Task description:
From the first line to the last, give the records again exactly and skip the pictures.

START Material for this exercise

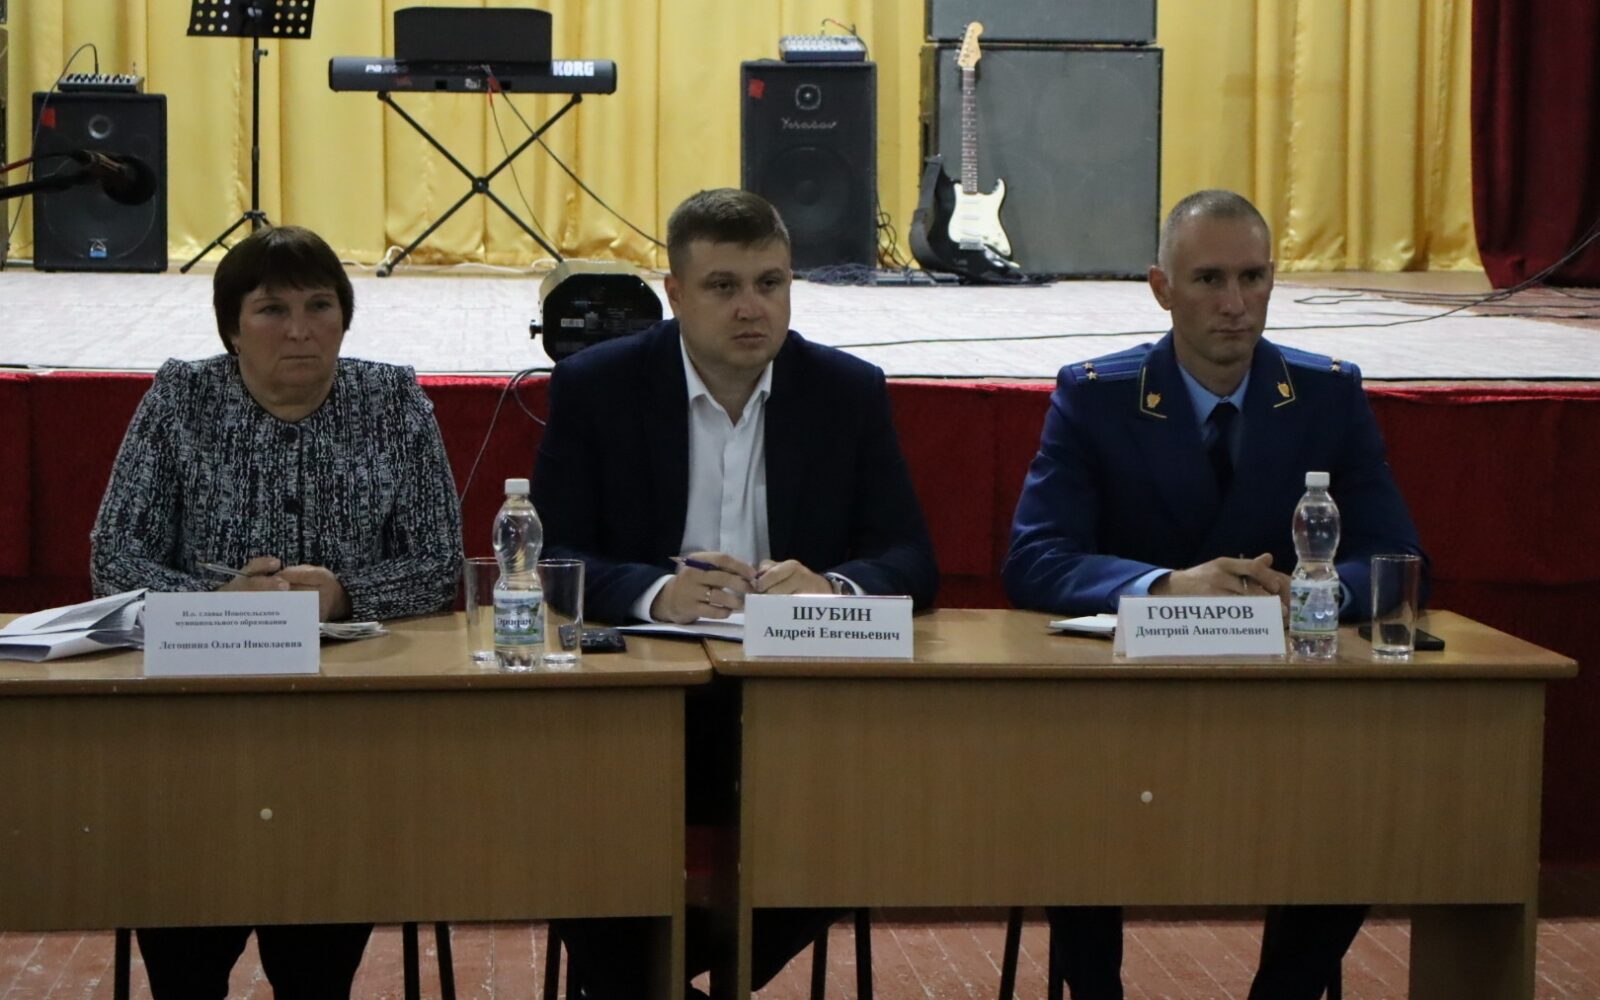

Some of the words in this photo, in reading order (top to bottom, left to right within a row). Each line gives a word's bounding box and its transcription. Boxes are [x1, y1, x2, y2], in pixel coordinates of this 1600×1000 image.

[553, 61, 595, 77] KORG
[792, 606, 872, 622] ШУБИН
[1147, 605, 1254, 620] ГОНЧАРОВ
[240, 619, 287, 627] образования
[764, 626, 815, 640] Андрей
[819, 627, 900, 641] Евгеньевич
[1135, 625, 1189, 638] Дмитрий
[1192, 625, 1269, 636] Анатольевич
[159, 641, 208, 650] Легошина
[211, 640, 241, 649] Ольга
[243, 640, 302, 649] Николаевна
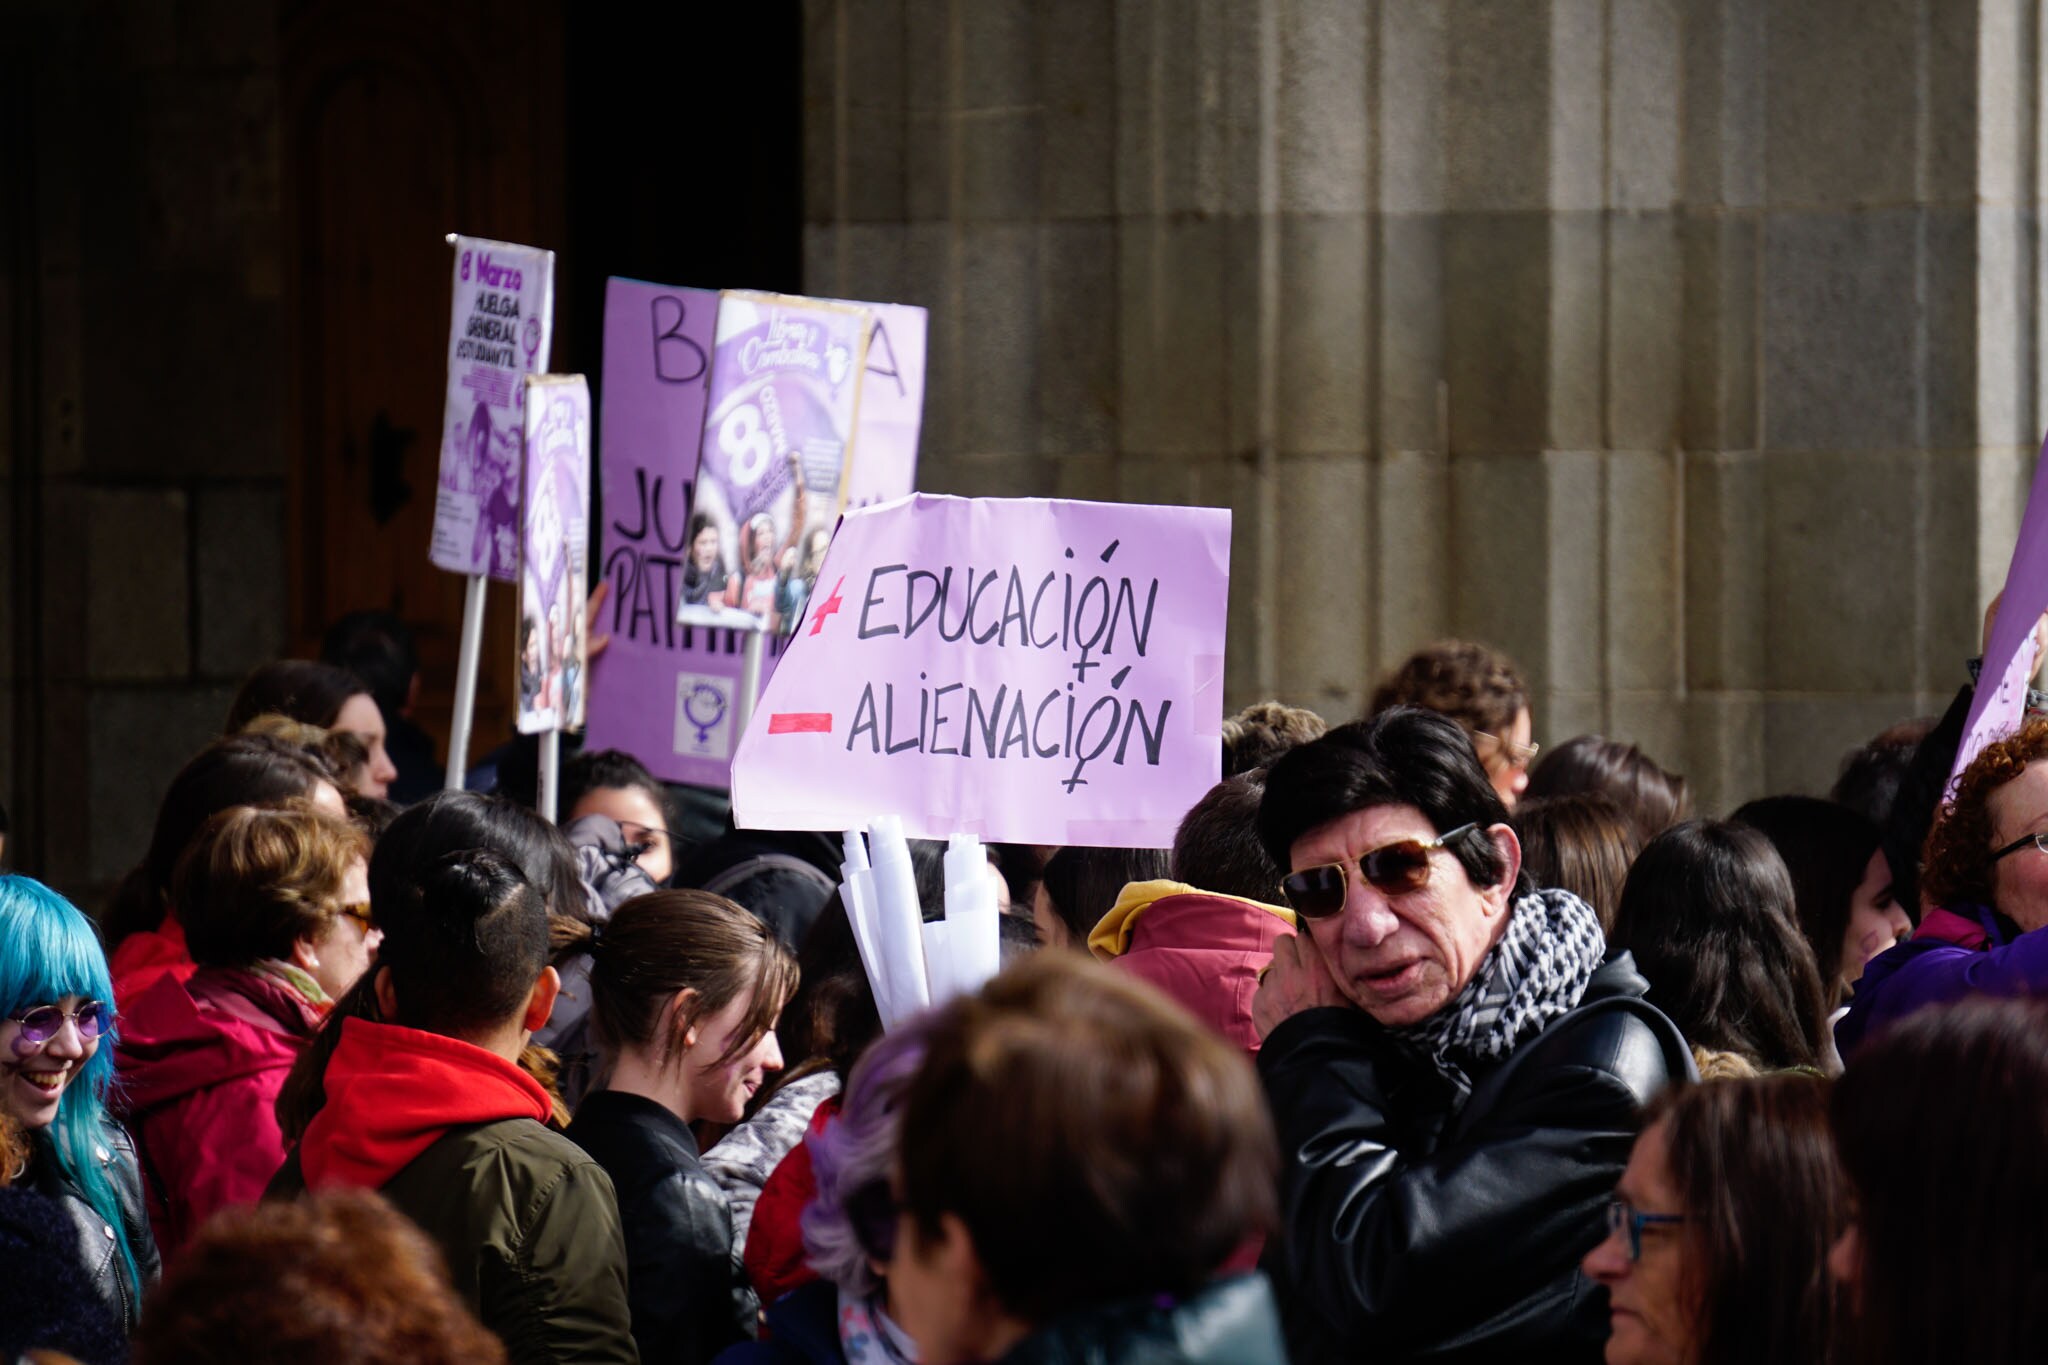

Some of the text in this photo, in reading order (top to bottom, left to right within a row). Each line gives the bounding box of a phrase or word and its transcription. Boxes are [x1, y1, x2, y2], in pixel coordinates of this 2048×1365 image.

[460, 250, 523, 291] 8 Marzo
[466, 312, 517, 346] GENERAL
[718, 403, 771, 487] 8
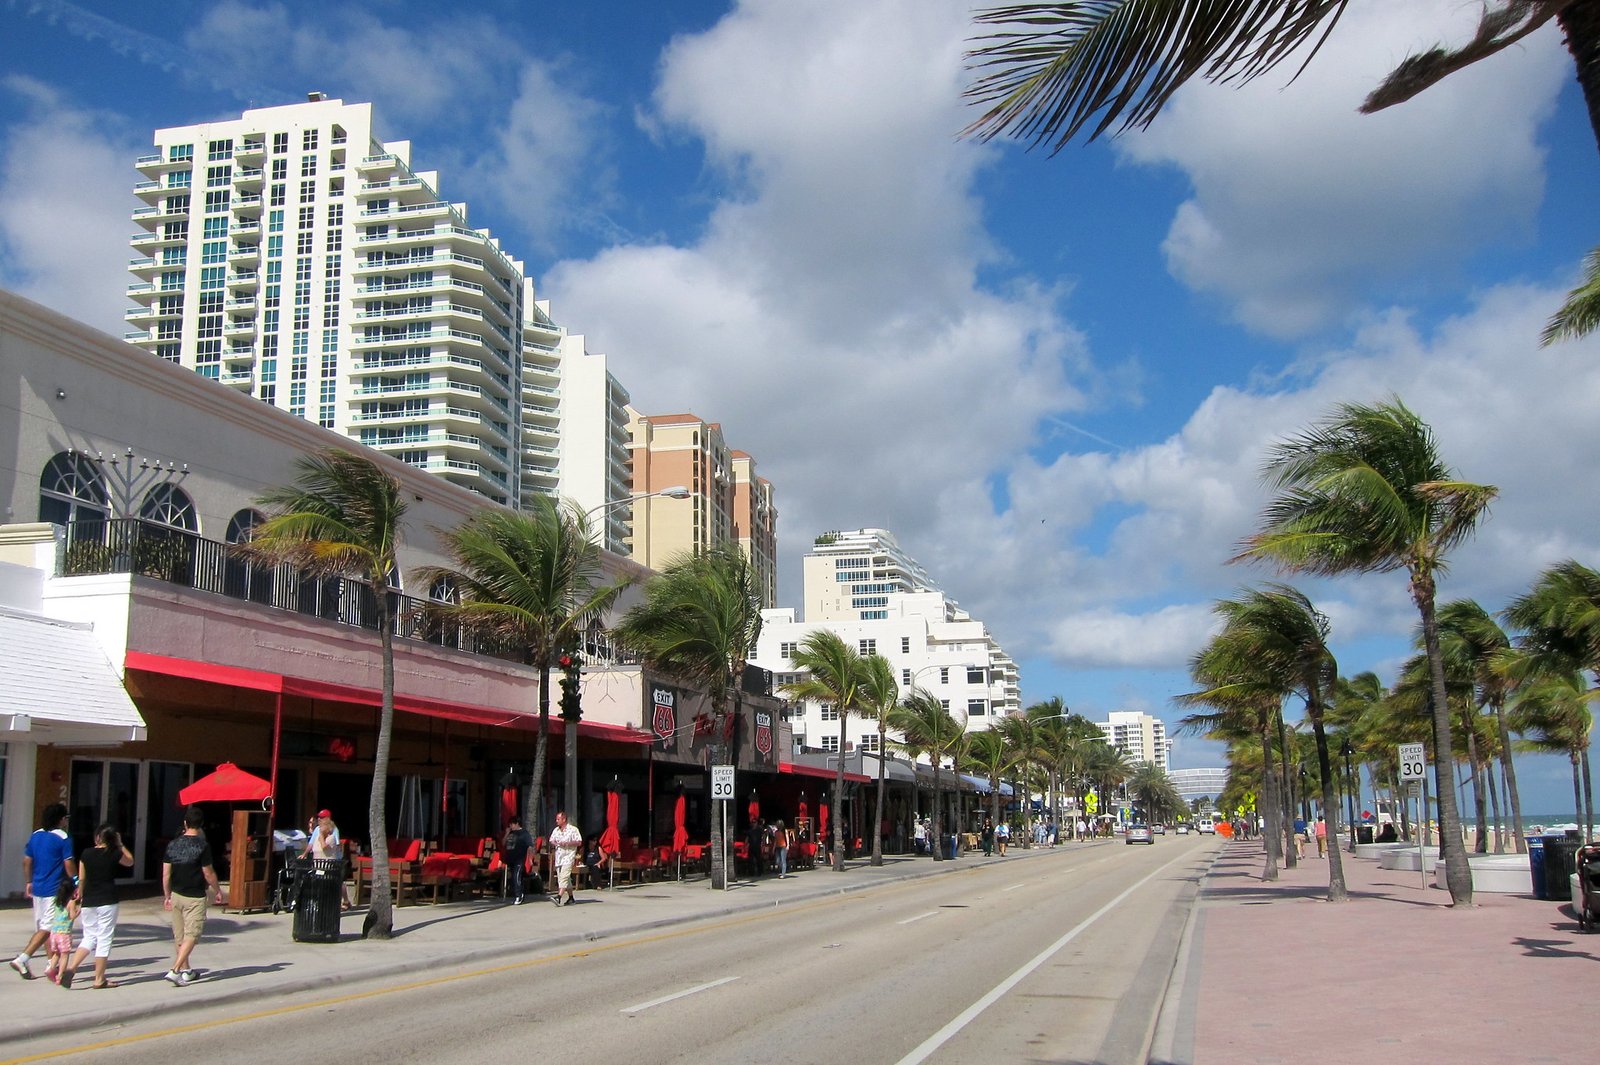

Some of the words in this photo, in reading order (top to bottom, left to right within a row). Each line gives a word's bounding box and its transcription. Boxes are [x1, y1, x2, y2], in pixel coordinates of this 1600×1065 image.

END Material for this exercise

Solved problem:
Some of the words in this photo, in reading order (top to bottom, left to right within a row). Each line gives a word's bounding box and its transcription. Boxes are [x1, y1, x2, y2], in pixel coordinates of this 1600×1000 image.

[553, 61, 595, 77] KORG
[792, 606, 872, 622] ШУБИН
[1147, 605, 1254, 620] ГОНЧАРОВ
[240, 619, 287, 627] образования
[764, 626, 815, 640] Андрей
[819, 627, 900, 641] Евгеньевич
[1135, 625, 1189, 638] Дмитрий
[1192, 625, 1269, 636] Анатольевич
[159, 641, 208, 650] Легошина
[211, 640, 241, 649] Ольга
[243, 640, 302, 649] Николаевна

Some of the text in this photo, in reading order (top to bottom, left to right within a row). Each line gives the bounding box of a phrase or word and its transcription. Boxes are [x1, y1, x2, y2], in pixel coordinates of this 2048×1365 image.

[460, 250, 523, 291] 8 Marzo
[466, 312, 517, 346] GENERAL
[718, 403, 771, 487] 8

Some of the words in this photo, in reading order (top to bottom, left to right within a row). Each line gives a word's bounding box and its transcription. Boxes are [x1, y1, x2, y2], in pixel coordinates of this 1600×1065 image.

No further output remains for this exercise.